Hosted by: Joanna Fowler

Identified as a form of plant immunity nearly 100 years ago, systemic acquired resistance (SAR) is a highly desirable form of resistance that protects against a broad-spectrum of pathogens. SAR involves the generation of a mobile signal at the site ofprimary infection, which moves to, and arms distal portions of a plant against subsequent secondary infections. Because of its unique mechanistic properties and its exciting potential applications in developing sustainable crop protection strategies, SAR has been one of the most intensely researched areas of plant biology.
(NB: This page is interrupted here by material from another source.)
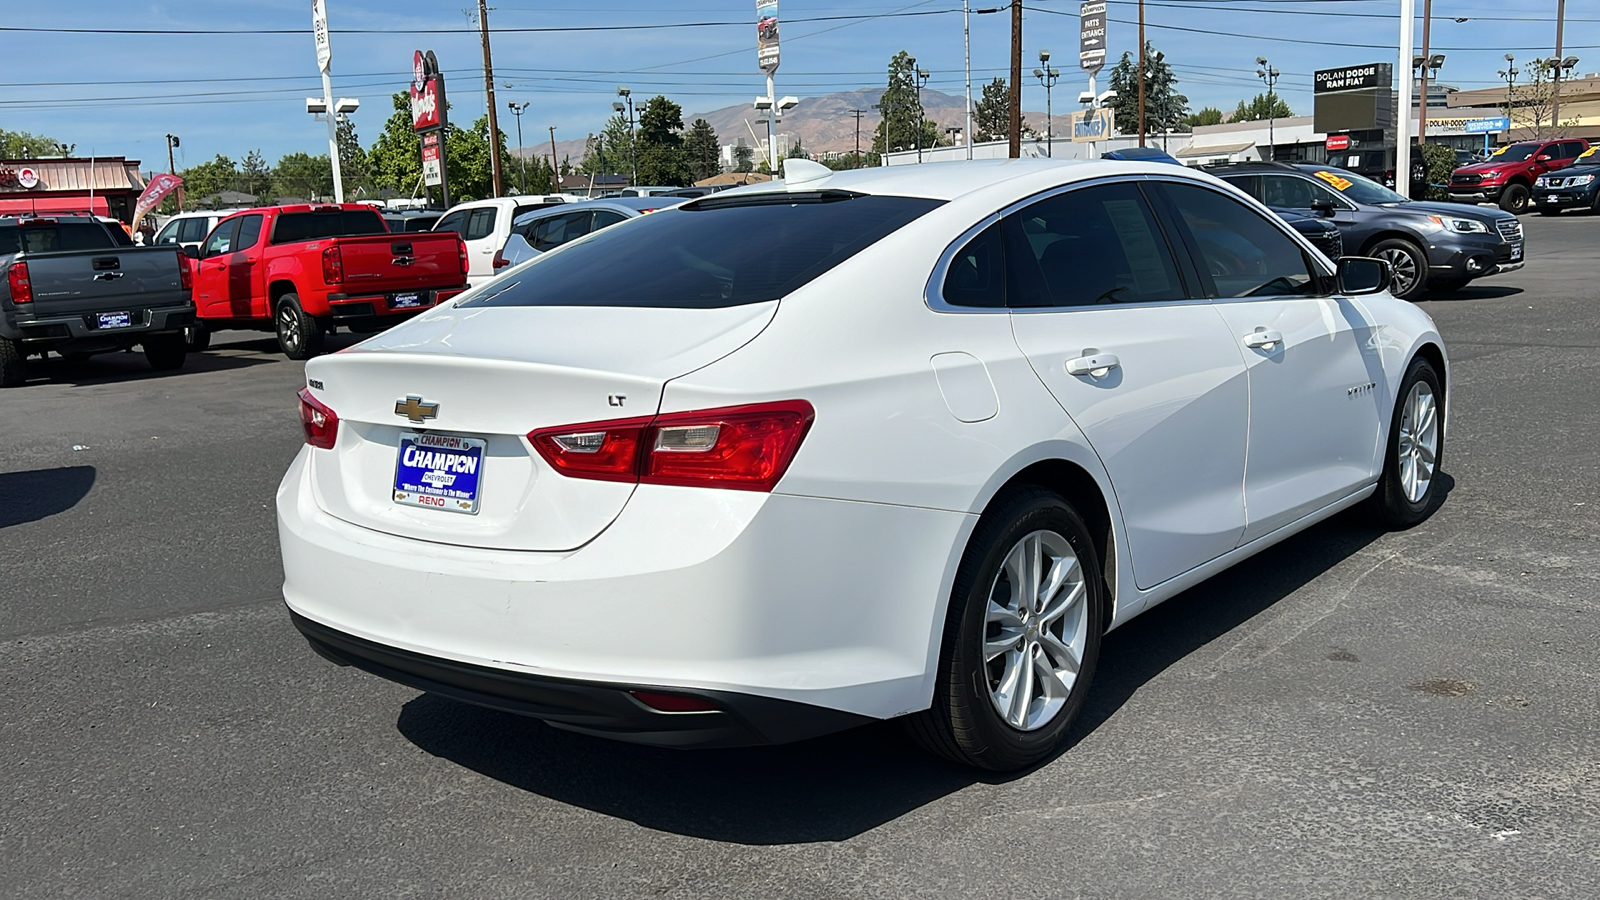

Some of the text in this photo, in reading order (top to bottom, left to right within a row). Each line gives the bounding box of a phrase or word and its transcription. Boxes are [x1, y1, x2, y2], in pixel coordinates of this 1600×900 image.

The last decade has witnessed considerable progress and a number of signals contributing to SAR have been isolated and characterized. Among the signals contributing to SAR are salicylic acid (SA) and several components that feed into SA pathway including the methylated derivative of SA (MeSA), the nine carbon dicarboxylic acid azelaic acid, the phosphorylated sugar glycerol-3-phosphate (G3P), and two lipid transfer proteins (LTPs) DIR1 (Defective in Induced Resistance) and AZI1 (AA insensitive). The diverse chemical natures of the SAR inducing molecules have led to the growing belief that SAR might involve the interplay of multiple diverse and independent signals. More recent evidence suggests that coordinated signaling from diverse signaling components facilitates systemic immunity in plants. Relationship among recently identified mobile inducers of SAR will be discussed.